Task brief ▸ The entries that follow must be written out exactly, without any of the pictures they contain.

Listed entries ▸

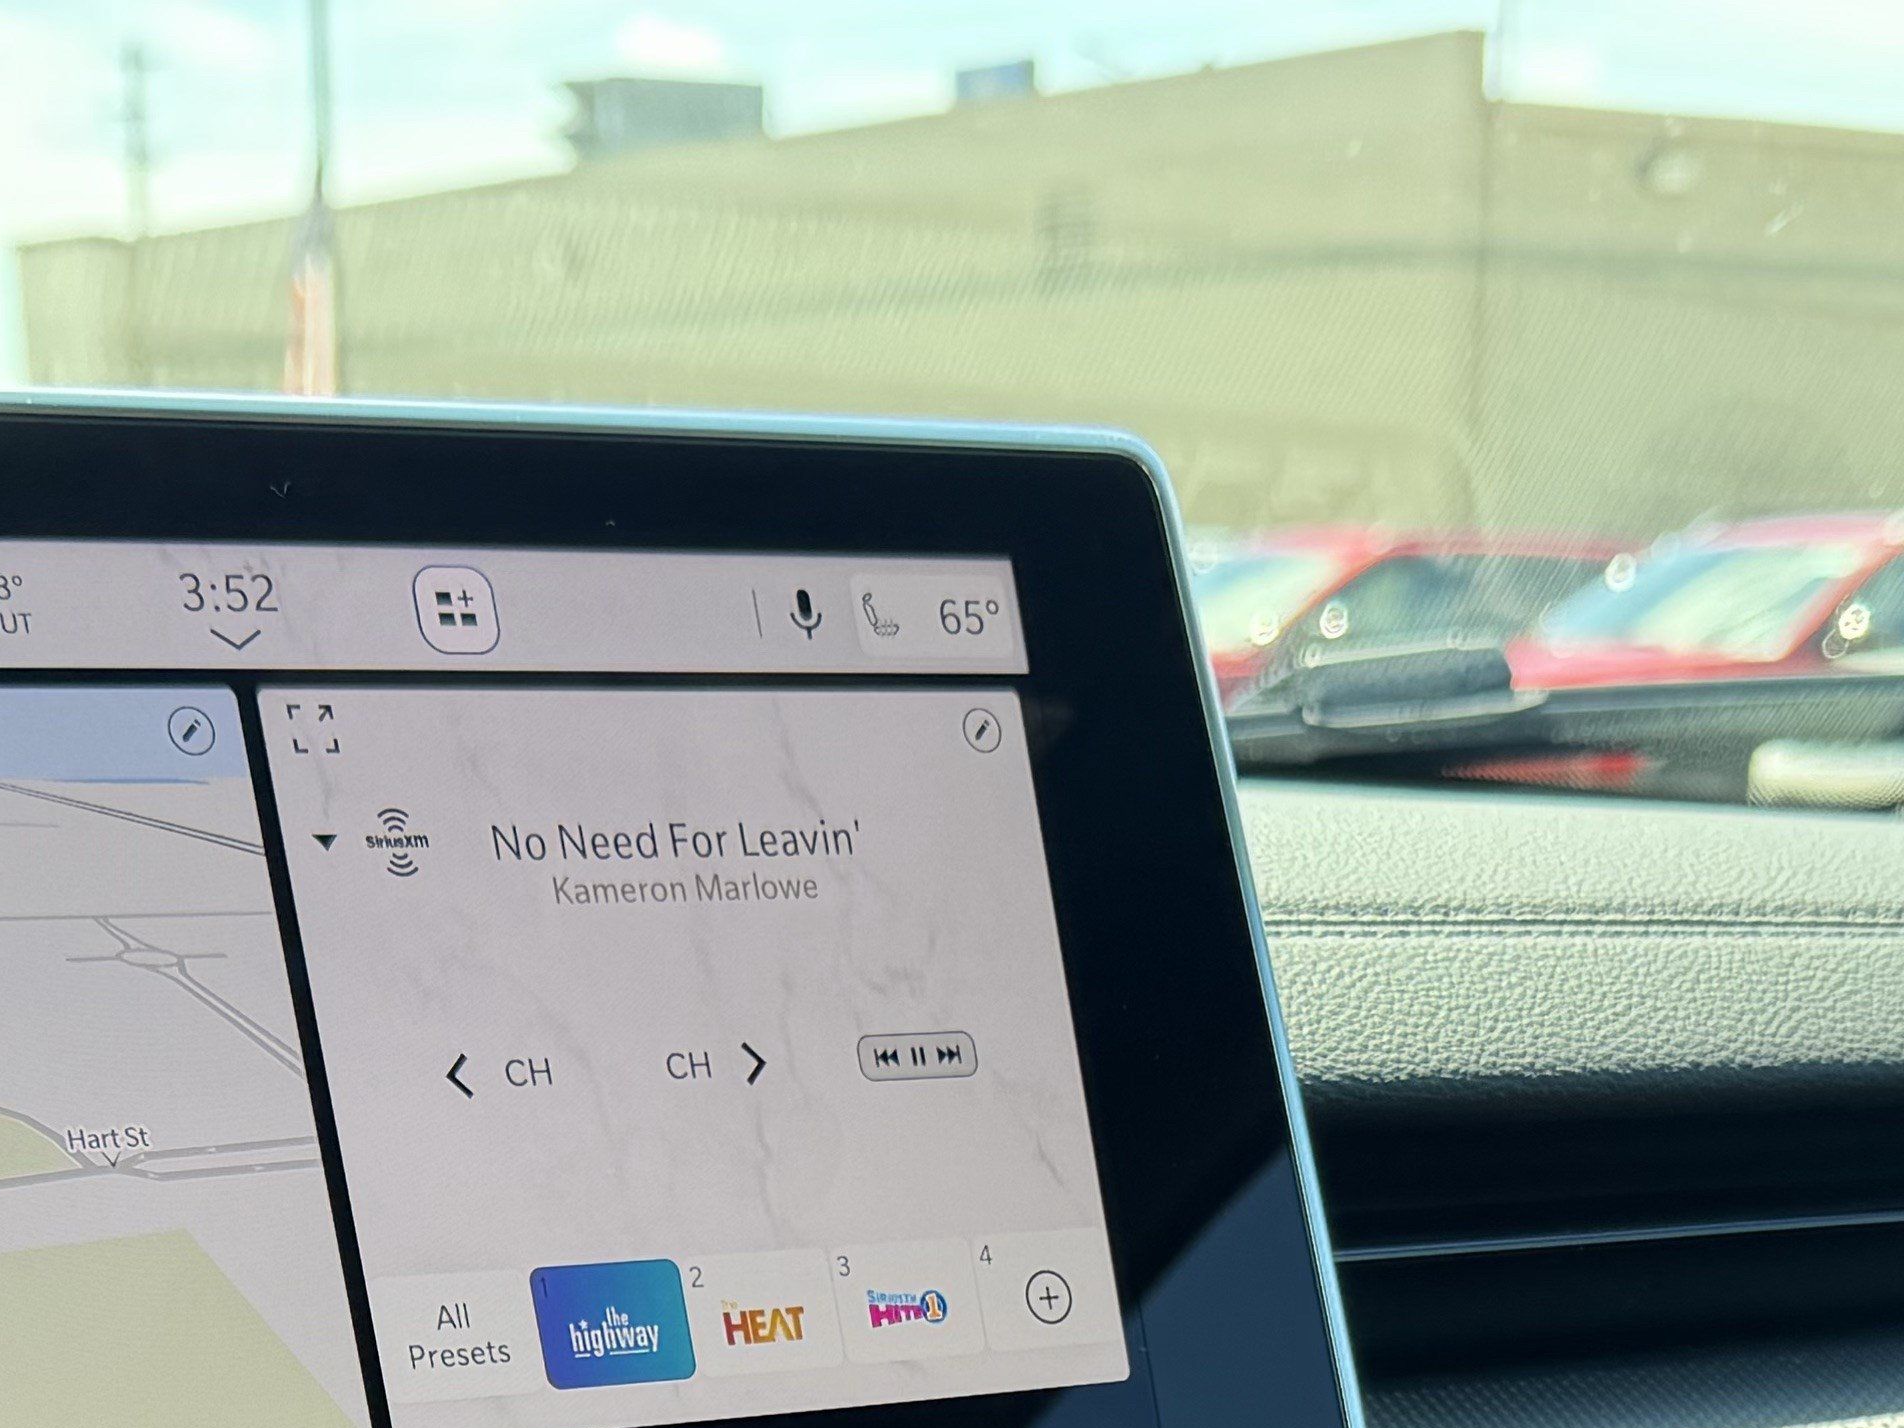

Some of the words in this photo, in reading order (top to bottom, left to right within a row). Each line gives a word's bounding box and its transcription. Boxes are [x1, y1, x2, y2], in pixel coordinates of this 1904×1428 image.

[179, 574, 279, 614] 3:52
[939, 599, 1000, 635] 65°
[492, 824, 547, 861] No
[558, 822, 659, 860] Need
[670, 822, 728, 858] For
[741, 820, 860, 857] Leavin'
[553, 877, 688, 905] Kameron
[695, 873, 819, 903] Marlowe
[505, 1058, 552, 1087] CH
[666, 1051, 711, 1080] CH
[67, 1129, 120, 1150] Hart
[125, 1127, 149, 1149] St
[837, 1256, 850, 1277] 3
[980, 1245, 992, 1265] 4
[690, 1266, 704, 1288] 2
[437, 1302, 471, 1331] All
[606, 1306, 629, 1327] the
[723, 1306, 804, 1345] HEAT
[569, 1321, 659, 1358] highway
[408, 1341, 511, 1370] Presets
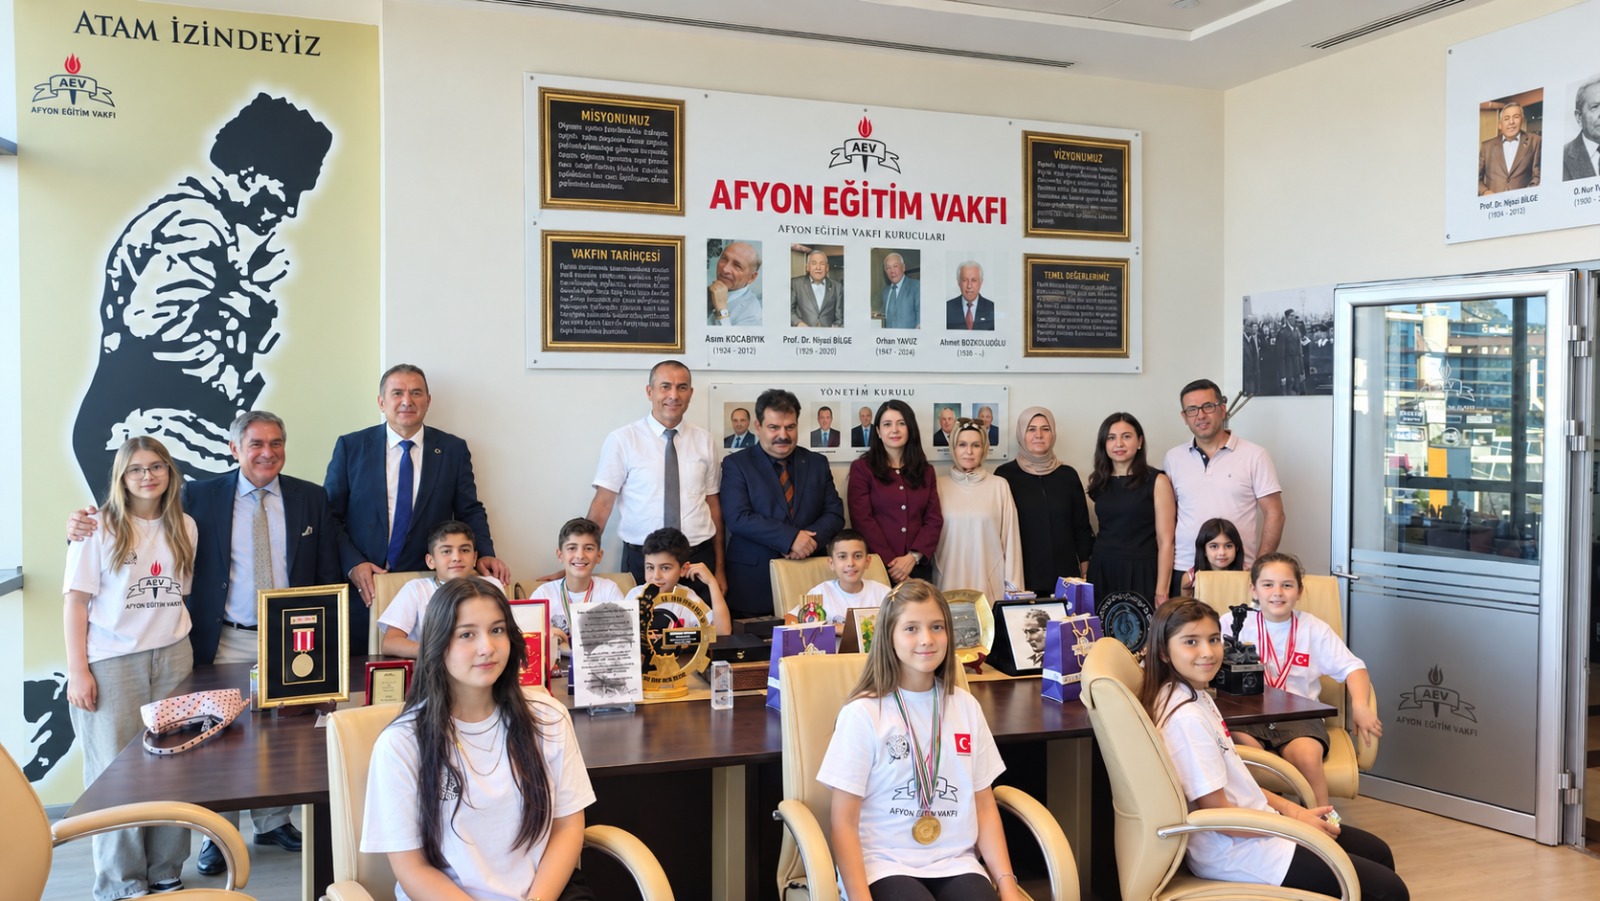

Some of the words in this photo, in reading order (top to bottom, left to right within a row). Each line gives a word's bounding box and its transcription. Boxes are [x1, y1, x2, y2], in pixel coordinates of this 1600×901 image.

[74, 10, 160, 42] ATAM
[171, 16, 322, 57] İZİNDEYİZ
[59, 78, 86, 88] AEV
[31, 106, 59, 115] AFYON
[62, 108, 89, 117] EĞİTİM
[92, 110, 116, 119] VAKFI
[581, 108, 650, 126] MİSYONUMUZ
[852, 142, 877, 154] AEV
[1054, 148, 1103, 163] VİZYONUMUZ
[710, 179, 812, 215] AFYON
[824, 180, 922, 220] EĞİTİM
[930, 193, 1007, 224] VAKFI
[1521, 194, 1538, 204] BİLGE
[778, 224, 812, 234] AFYON
[815, 225, 848, 236] EĞİTİM
[852, 228, 881, 238] VAKFI
[885, 230, 945, 241] KURUCULARI
[572, 248, 608, 260] VAKFIN
[611, 249, 660, 263] TARİHÇESİ
[1044, 271, 1064, 280] TEMEL
[705, 334, 724, 343] Asım
[726, 335, 765, 343] KOCABIYIK
[833, 335, 852, 344] BİLGE
[820, 388, 868, 396] YÖNETİM
[1423, 689, 1449, 700] AEV
[1396, 716, 1421, 727] AFYON
[1453, 726, 1478, 736] VAKFI
[889, 808, 914, 816] AFYON
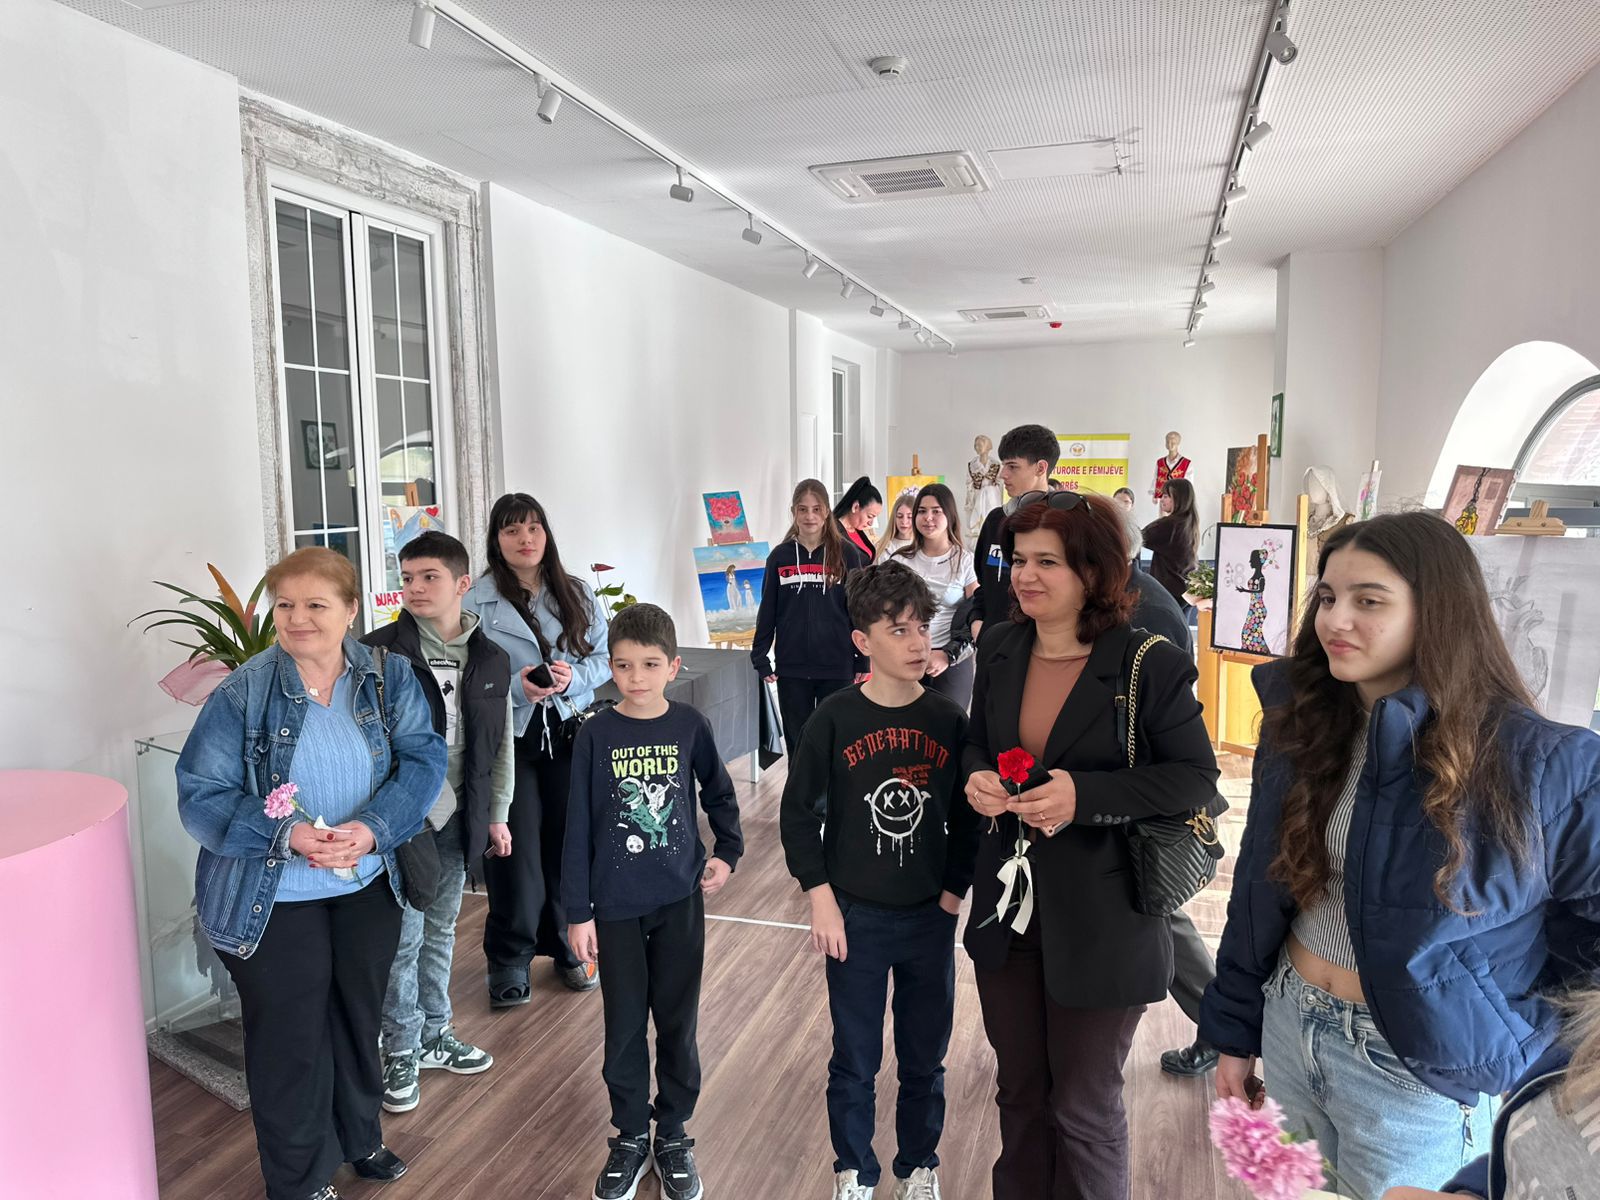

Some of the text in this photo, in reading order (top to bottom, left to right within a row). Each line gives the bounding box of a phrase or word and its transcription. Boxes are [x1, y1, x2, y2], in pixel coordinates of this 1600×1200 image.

Written answer ▸
Some of the words in this photo, in reading order (top to bottom, left to right within a row). Each line gives a word's bounding box and its transcription. Boxes are [x1, y1, x2, y2], in pixel coordinates of this 1904×1428 image.

[179, 574, 279, 614] 3:52
[939, 599, 1000, 635] 65°
[492, 824, 547, 861] No
[558, 822, 659, 860] Need
[670, 822, 728, 858] For
[741, 820, 860, 857] Leavin'
[553, 877, 688, 905] Kameron
[695, 873, 819, 903] Marlowe
[505, 1058, 552, 1087] CH
[666, 1051, 711, 1080] CH
[67, 1129, 120, 1150] Hart
[125, 1127, 149, 1149] St
[837, 1256, 850, 1277] 3
[980, 1245, 992, 1265] 4
[690, 1266, 704, 1288] 2
[437, 1302, 471, 1331] All
[606, 1306, 629, 1327] the
[723, 1306, 804, 1345] HEAT
[569, 1321, 659, 1358] highway
[408, 1341, 511, 1370] Presets

Some of the words in this photo, in reading order (top to bottom, left to right within a row). Each line gives a word's bounding box and its transcription. Boxes are [x1, y1, x2, y2], in pixel coordinates of this 1600×901 image.

[74, 10, 160, 42] ATAM
[171, 16, 322, 57] İZİNDEYİZ
[59, 78, 86, 88] AEV
[31, 106, 59, 115] AFYON
[62, 108, 89, 117] EĞİTİM
[92, 110, 116, 119] VAKFI
[581, 108, 650, 126] MİSYONUMUZ
[852, 142, 877, 154] AEV
[1054, 148, 1103, 163] VİZYONUMUZ
[710, 179, 812, 215] AFYON
[824, 180, 922, 220] EĞİTİM
[930, 193, 1007, 224] VAKFI
[1521, 194, 1538, 204] BİLGE
[778, 224, 812, 234] AFYON
[815, 225, 848, 236] EĞİTİM
[852, 228, 881, 238] VAKFI
[885, 230, 945, 241] KURUCULARI
[572, 248, 608, 260] VAKFIN
[611, 249, 660, 263] TARİHÇESİ
[1044, 271, 1064, 280] TEMEL
[705, 334, 724, 343] Asım
[726, 335, 765, 343] KOCABIYIK
[833, 335, 852, 344] BİLGE
[820, 388, 868, 396] YÖNETİM
[1423, 689, 1449, 700] AEV
[1396, 716, 1421, 727] AFYON
[1453, 726, 1478, 736] VAKFI
[889, 808, 914, 816] AFYON

Some of the text in this photo, in reading order (top to bottom, left to right within a row). Each line gives the bounding box of a phrase or word and its transcription. Boxes are [x1, y1, x2, y2], in pixel coordinates of this 1600×1200 image.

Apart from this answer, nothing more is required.